Stringrays, also known as “cell cite simulators,” behave like cell towers and fool phones into connecting to them, thus enabling officers to track owners’ motions with extreme precision. They have grown increasingly popular with local law enforcement, and have been used in at least 48 agencies across 20 states and the District of Columbia. They are also used by the FBI, DEA, NSA, and numerous other government agencies.
Florida’s records reveal extensive use in recent years—just one police department in Tallahassee used the devices 250 times between 2007 and 2014. The Miami-Dade PD used them in 59 closed cases between May 2013 and 2014—which is not counting any cases that may still be open.
Police departments are extremely secretive about their surveillance technology: officers often do not obtain court orders for Stingrays, and avoid mentioning their use to judges. The Stringray’s manufacturer, Harris Corp. of Melbourne, Fla., requires buyers to sign non-disclosure agreements when they purchase the technology. “This entire program is shrouded in secrecy,” the Cato Institute’s Adam Bates told the Daily Caller News Foundation. “There are absolutely Fourth Amendment implications here especially from what we’ve seen with so few warrants being issued, and often when warrants are issued it’s not being fully explained to a judge.”
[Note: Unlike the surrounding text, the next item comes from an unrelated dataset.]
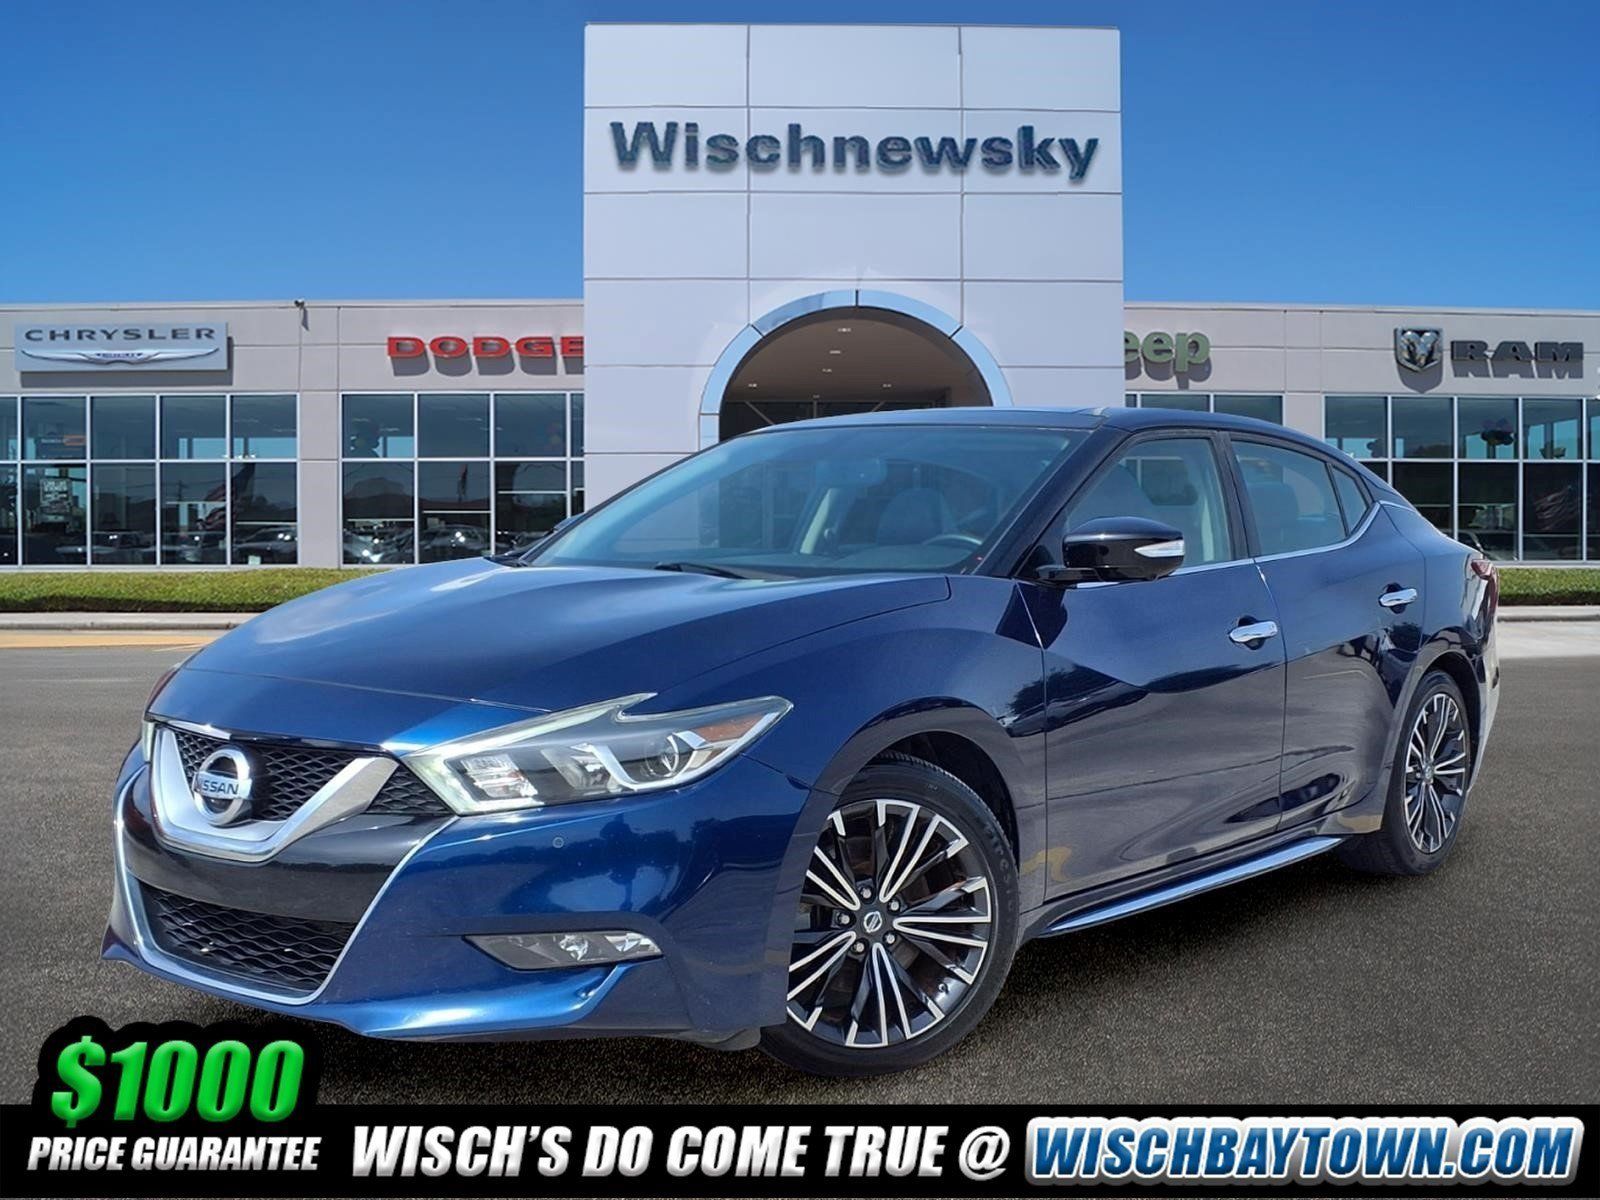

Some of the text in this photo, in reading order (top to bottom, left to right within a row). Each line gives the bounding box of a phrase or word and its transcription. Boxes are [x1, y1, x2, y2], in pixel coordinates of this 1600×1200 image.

This has led to police occasionally having to drop cases based on information obtained through Stingrays, lest they be forced to reveal where they obtained their evidence in court.
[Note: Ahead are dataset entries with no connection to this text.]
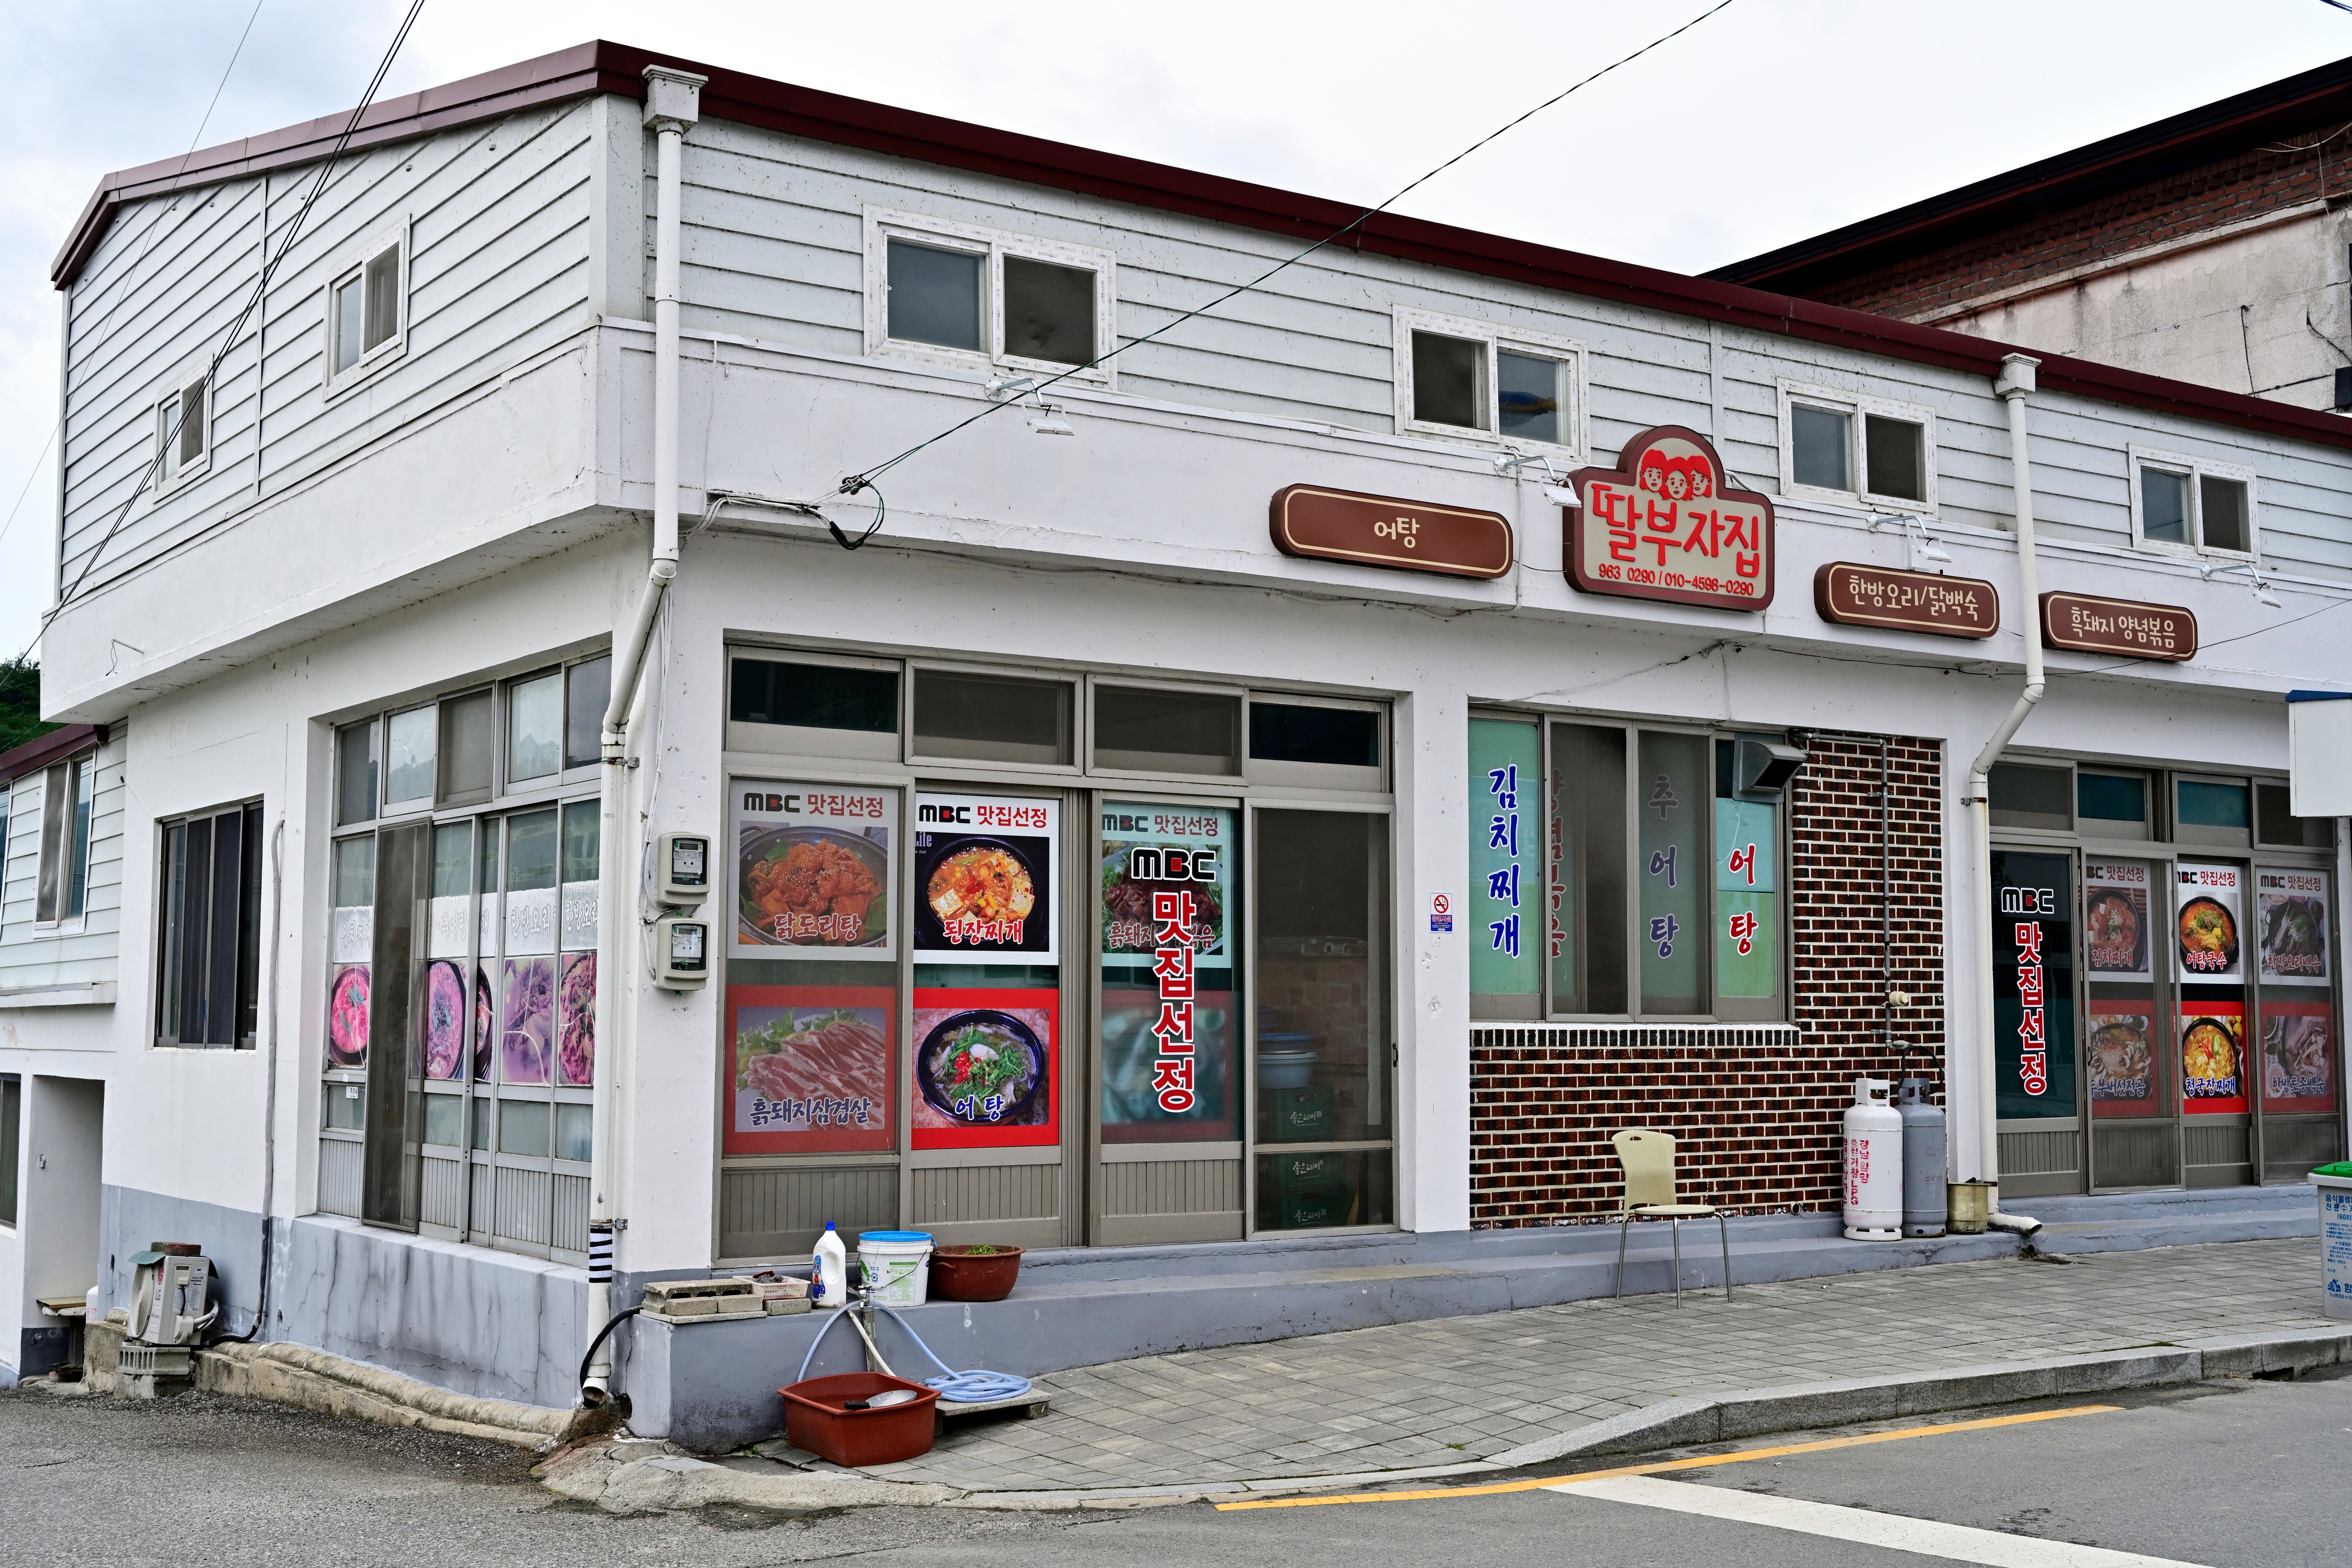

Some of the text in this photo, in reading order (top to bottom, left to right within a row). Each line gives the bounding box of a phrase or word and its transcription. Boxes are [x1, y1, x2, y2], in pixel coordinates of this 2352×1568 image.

[1374, 517, 1420, 549] 어탕
[1591, 483, 1760, 578] 딸부자집
[1598, 564, 1621, 579] 963
[1848, 575, 1979, 622] 한방오리/닭백숙
[2071, 606, 2176, 648] 흑돼지 양념볶음
[744, 792, 884, 818] MBC 맛집선정
[919, 804, 1047, 828] MBC 맛집선정
[1102, 814, 1218, 837] MBC 맛집선정
[1131, 846, 1216, 882] MBC
[1487, 764, 1521, 959] 김치찌개
[1648, 773, 1680, 960] 추어탕
[2086, 866, 2144, 882] BC 맛집선정
[2200, 871, 2235, 887] 맛집선정
[2261, 875, 2321, 891] MBC 맛집선정
[1728, 843, 1758, 957] 어탕
[2002, 887, 2054, 914] MBC
[342, 919, 372, 947] 김치찌개
[510, 903, 556, 938] 한방오리
[774, 912, 862, 941] 닭도리탕
[943, 918, 1023, 945] 된장찌개
[2091, 948, 2133, 967] 김치찌개
[2186, 951, 2227, 970] 어탕국수
[2267, 953, 2321, 973] 한방오리백숙
[1152, 891, 1196, 1113] 맛집선정
[2015, 922, 2047, 1095] 맛집선정
[2185, 1076, 2236, 1096] 청국장찌개
[2272, 1075, 2326, 1094] 한방토종백숙
[1290, 1111, 1316, 1124] 좋은데이
[1293, 1161, 1320, 1175] 좋은데이
[1859, 1139, 1869, 1184] 경남함양
[2326, 1194, 2352, 1204] 음식물류
[1295, 1210, 1320, 1222] 좋은데이
[155, 1289, 161, 1301] LG
Stingrays have been uncovered in multiple other states. Roughly the size of a suitcase, they are usually installed in a police vehicle so officers can drive around to targeted areas.
In Minnesota, journalists discovered that a version called the “KingFish” had secretly been used for years by the Hennepin County Sheriff’s Office. This prompted one Republican state lawmaker to introduce both a bill and an amendment to his state’s constitution strengthening electronic privacy protections.
And in Colorado, police requested to sweep vast areas with Stingray devices in the search for a kidnapped girl. Despite tracking the movements of all phones on the towers of numerous providers, this information did not contribute to solving the case.